In this case, `o1` is indeed an object (not a type).
Someone could modify this object and change `1` and `"one"` to some other values, like doing `o1.x = "foo"`.
(Yes, `const` in ECMAScript is misleading...).
Therefore, TSC cannot say, “I'm sure x is 1 and y is "one"”, because it could be changed.

`T4` is not `1 | "one"` (because both values could have been changed between the object creation and its use), but `number | string`.

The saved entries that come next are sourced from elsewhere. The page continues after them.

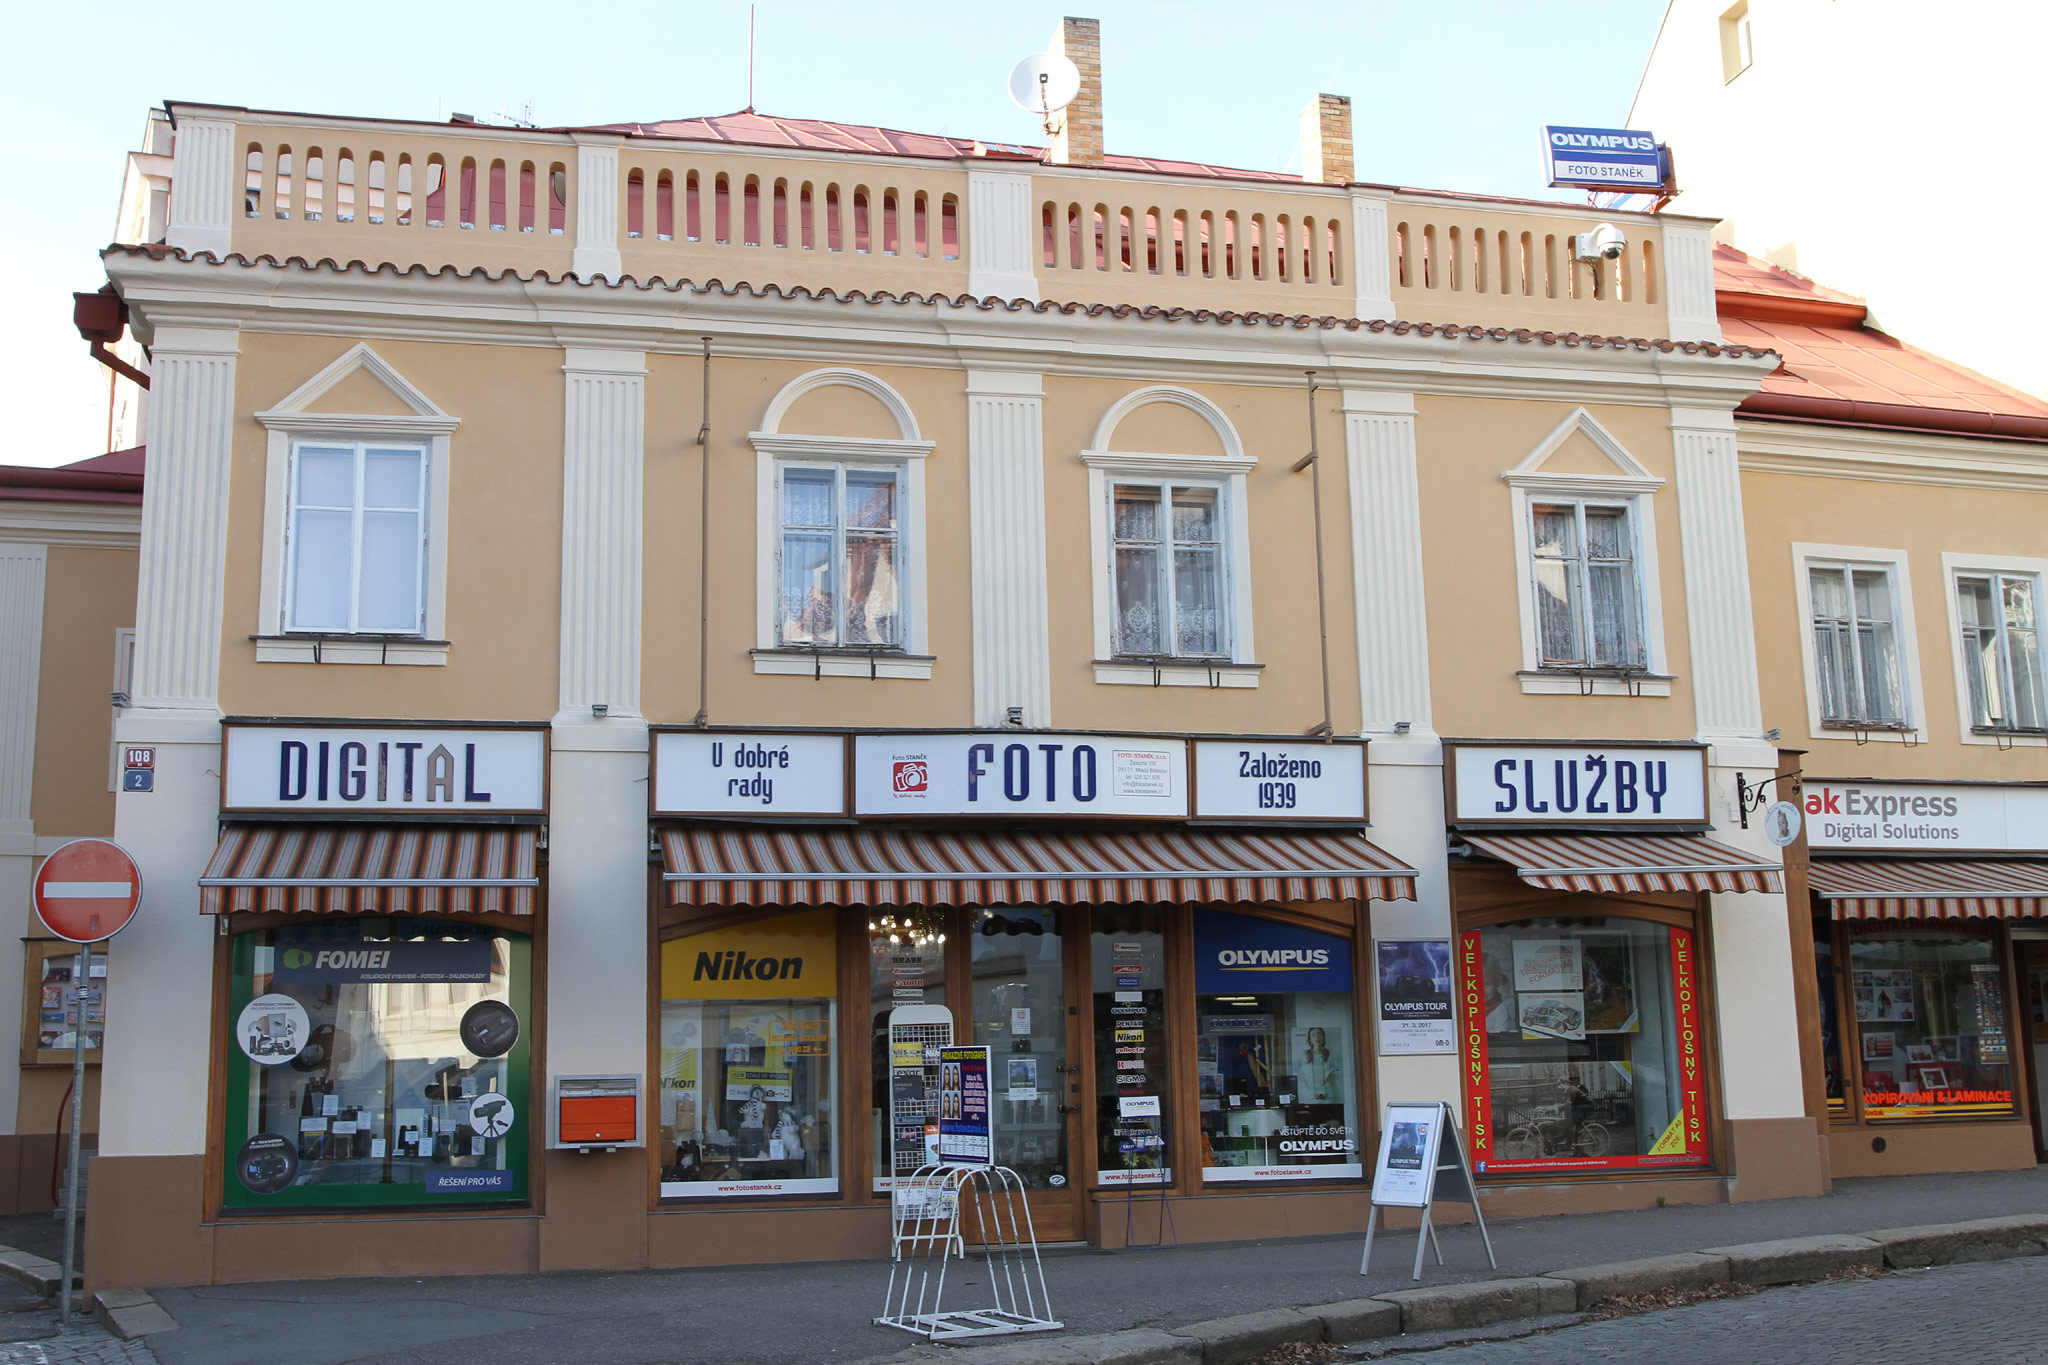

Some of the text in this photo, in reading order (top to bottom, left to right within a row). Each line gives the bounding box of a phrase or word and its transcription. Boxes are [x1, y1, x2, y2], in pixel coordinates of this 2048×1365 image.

[1551, 132, 1654, 150] OLYMPUS
[1568, 165, 1644, 178] FOTO STANĚK
[129, 750, 150, 763] 108
[712, 742, 789, 769] U dobré
[279, 741, 491, 802] DIGITAL
[968, 743, 1097, 802] FOTO
[1239, 750, 1322, 779] Založeno
[135, 774, 142, 787] 2
[728, 771, 773, 805] rady
[1495, 753, 1667, 814] SLUŽBY
[1258, 782, 1297, 809] 1939
[1845, 789, 1958, 822] Express
[1824, 823, 1959, 842] Digital Solutions
[315, 950, 391, 969] FOMEI
[693, 950, 803, 981] Nikon
[892, 956, 923, 964] BRAUN
[1218, 949, 1329, 966] OLYMPUS
[892, 979, 924, 987] Canon
[1384, 1002, 1448, 1011] OLYMPUS TOUR
[1210, 1018, 1267, 1028] OLYMPUS
[1117, 1033, 1142, 1041] Nikon
[1464, 938, 1486, 1150] VELKOPLOŠNÝ TISK
[1675, 937, 1702, 1143] VELKOPLOŠNÝ TISK
[1116, 1074, 1146, 1083] SIGMA
[1864, 1088, 2012, 1105] KOPÍROVÁNÍ & LAMINACE
[1279, 1125, 1354, 1136] VSTUPTE DO SVĚTA
[1279, 1139, 1355, 1152] OLYMPUS
[1669, 1135, 1681, 1149] ZDE
[438, 1175, 502, 1187] ŘEŠENÍ PRO VÁS
[1254, 1168, 1313, 1178] www.fotostanek.cz
[718, 1183, 783, 1192] www.fotostanek.cz

In this next example, we use *const context* to lock `o2` so it cannot ever be changed again.
`x` is not `number`, but the value type `1`, and `y` is not `string` but the value type `"two"`.

```typescript
const o2 = { p1: 1, p2: "one" } as const;
type T5 = UnpackObjType<typeof o2>;
```

`T5`'s type is, therefore, the union type `1 | "two"`.

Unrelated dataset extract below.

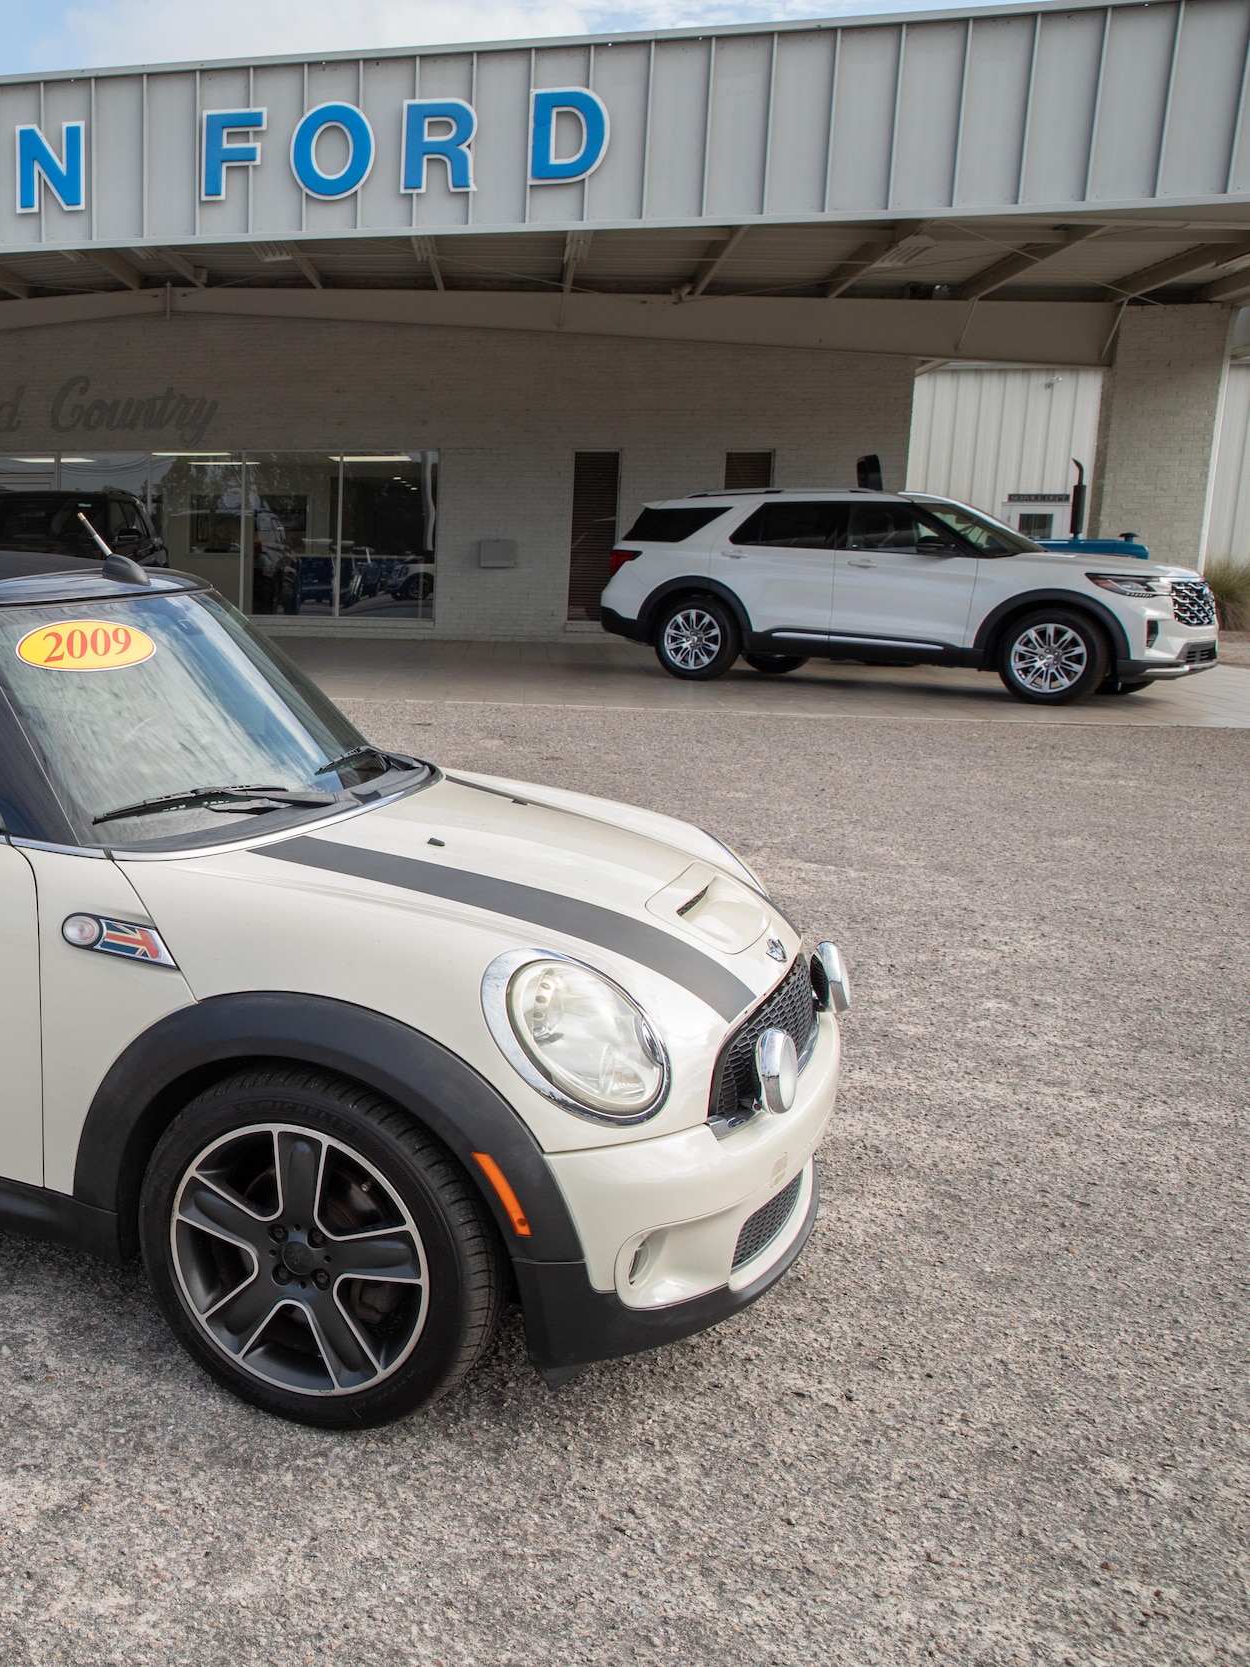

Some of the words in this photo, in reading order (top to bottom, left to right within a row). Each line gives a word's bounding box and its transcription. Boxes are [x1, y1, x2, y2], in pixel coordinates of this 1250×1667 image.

[201, 86, 610, 200] FORD
[51, 375, 219, 448] Country
[43, 627, 132, 663] 2009

- [TS Playground infer co-variant union type UnpackObjType example](https://www.typescriptlang.org/play?#code/PTBQIAkIgIIQQVwC4AsD2AnAXBAYgU3QDsBDQgE1QgCFiBnW1cYaCZRRAB1sxADMCS5VACM6DAHRk8AN2ABjVIUTE5iMJBhtO3PgNIVR9VOIDmAS0QAbYsPFnUwKdLQB3RA6YstXHsBf-JGVd3QNkmUFAFQlpECEtUE2wAYUUGSzwAbQAieJMsgF0IAF4IKLS8cVzxYTNyAAoy1HSASgBuCMQATw48CABVQg4VAGsAeWEAKwAVbrwAHimAPmLQCAgpiDwAD0Q8cloIAG9VtYgt7Fr+dAgABQAaE7XOi8Ir24e1gF8IAH5biGwhBkBHaoC6PXWAEZiv1BiNxtNZnNDmdsJC7hBnhAsoo8FkIJ9Fu1IGsAHo-DqzdYAJhhAyGcjGkxmPWRmOwOKBWQx5wg0MJxOYZIpYKpUwAzHS4YyESz5iiseiIAAvDm4-ECzzCiJlWKoaElFG8pVYzl4gmg8G9KYAFilDKZiNZVtQvAg+qJWog5J1qT1tMNqL5GNN6oJEDopT9lrFAFZ7fDmUiXW7UNTPSTvRSgA).